I would like to get some advice from experienced Ruby hackers. Currently I am picking up Ruby through rails, which I am assuming is fairly common. I want to know the downsides to this and what people did to supplement their ruby knowledge beyond Rails. I eventually would like to write my own gems, contribute to open source, and so forth. I am absolutely not satisfied with just consuming Rails.

  • betageek 14 years ago

    I'd highly recommend The Well Grounded Rubyist by David Black http://www.manning.com/black2/ if you want a good intro to Ruby, I found it a much better intro than the Pickaxe

    • blatherard 14 years ago

      I work with David and he is totally awesome. He's giving a talk at the NYC.rb meetup on June 12 called "The Well-Grounded Nuby" which is an intro tour to Ruby. Here's the meetup link. http://www.meetup.com/NYC-rb/events/57344932/

    • alinajaf 14 years ago

      His previous book Ruby for Rails is just as good an introduction to Ruby.
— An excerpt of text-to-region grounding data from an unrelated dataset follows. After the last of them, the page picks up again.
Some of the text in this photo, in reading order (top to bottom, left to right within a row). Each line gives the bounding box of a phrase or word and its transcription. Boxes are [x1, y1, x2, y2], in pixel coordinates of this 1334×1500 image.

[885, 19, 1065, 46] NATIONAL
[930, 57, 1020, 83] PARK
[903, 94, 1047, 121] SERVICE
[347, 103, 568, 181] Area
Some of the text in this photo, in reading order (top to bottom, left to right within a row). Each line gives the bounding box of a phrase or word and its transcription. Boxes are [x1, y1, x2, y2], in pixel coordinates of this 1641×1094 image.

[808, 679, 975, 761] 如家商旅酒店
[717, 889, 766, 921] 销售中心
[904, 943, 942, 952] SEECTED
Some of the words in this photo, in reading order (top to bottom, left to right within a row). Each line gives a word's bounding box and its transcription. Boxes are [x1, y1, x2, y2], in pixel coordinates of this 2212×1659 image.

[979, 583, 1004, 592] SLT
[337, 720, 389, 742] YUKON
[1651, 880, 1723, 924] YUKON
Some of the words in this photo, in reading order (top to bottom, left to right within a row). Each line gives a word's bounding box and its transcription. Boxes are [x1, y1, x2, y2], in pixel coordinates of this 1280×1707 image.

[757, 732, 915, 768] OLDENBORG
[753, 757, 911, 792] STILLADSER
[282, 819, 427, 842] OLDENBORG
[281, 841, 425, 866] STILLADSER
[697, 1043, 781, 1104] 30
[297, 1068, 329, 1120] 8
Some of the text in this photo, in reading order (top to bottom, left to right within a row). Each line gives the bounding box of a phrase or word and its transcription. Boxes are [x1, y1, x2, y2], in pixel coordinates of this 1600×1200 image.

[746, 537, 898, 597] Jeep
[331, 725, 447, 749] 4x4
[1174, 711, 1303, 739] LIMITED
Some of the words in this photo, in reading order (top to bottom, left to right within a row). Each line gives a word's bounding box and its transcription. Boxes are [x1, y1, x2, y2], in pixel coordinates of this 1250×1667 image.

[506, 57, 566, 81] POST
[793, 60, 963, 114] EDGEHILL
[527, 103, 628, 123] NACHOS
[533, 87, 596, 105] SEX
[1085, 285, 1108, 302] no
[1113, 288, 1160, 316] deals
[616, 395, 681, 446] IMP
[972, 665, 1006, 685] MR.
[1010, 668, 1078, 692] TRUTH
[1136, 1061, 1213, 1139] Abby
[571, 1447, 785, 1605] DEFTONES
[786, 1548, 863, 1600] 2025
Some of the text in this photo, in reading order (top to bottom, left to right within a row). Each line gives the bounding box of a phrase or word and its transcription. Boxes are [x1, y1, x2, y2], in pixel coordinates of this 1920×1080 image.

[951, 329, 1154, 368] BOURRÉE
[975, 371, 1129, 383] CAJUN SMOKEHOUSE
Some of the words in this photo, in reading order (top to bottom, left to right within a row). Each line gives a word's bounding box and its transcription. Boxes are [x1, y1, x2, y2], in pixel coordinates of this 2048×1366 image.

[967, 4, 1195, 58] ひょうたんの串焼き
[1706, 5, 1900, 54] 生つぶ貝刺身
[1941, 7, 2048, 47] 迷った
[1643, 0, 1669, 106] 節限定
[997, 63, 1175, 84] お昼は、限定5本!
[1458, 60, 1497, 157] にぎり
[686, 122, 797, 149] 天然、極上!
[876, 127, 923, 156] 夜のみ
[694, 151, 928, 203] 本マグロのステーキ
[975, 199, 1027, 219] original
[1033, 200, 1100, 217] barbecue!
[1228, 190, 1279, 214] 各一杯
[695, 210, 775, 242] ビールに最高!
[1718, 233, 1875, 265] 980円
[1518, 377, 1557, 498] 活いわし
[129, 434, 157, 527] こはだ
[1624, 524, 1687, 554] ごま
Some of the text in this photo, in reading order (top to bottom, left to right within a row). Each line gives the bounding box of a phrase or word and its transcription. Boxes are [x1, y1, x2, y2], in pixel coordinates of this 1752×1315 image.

      • hexis 14 years ago

        In fact, "The Well Grounded Rubyist" is a "reworking" of "Ruby for Rails". The author mentions this relationship between the books in his "about this book" section at the beginning of "The Well Grounded Rubyist".

      • michaelbuckbee 14 years ago

        I found Ruby for Rails very helpful when I was getting started. It helped separate Rails "magic" from the underlying language aspects in a way that most other books did not.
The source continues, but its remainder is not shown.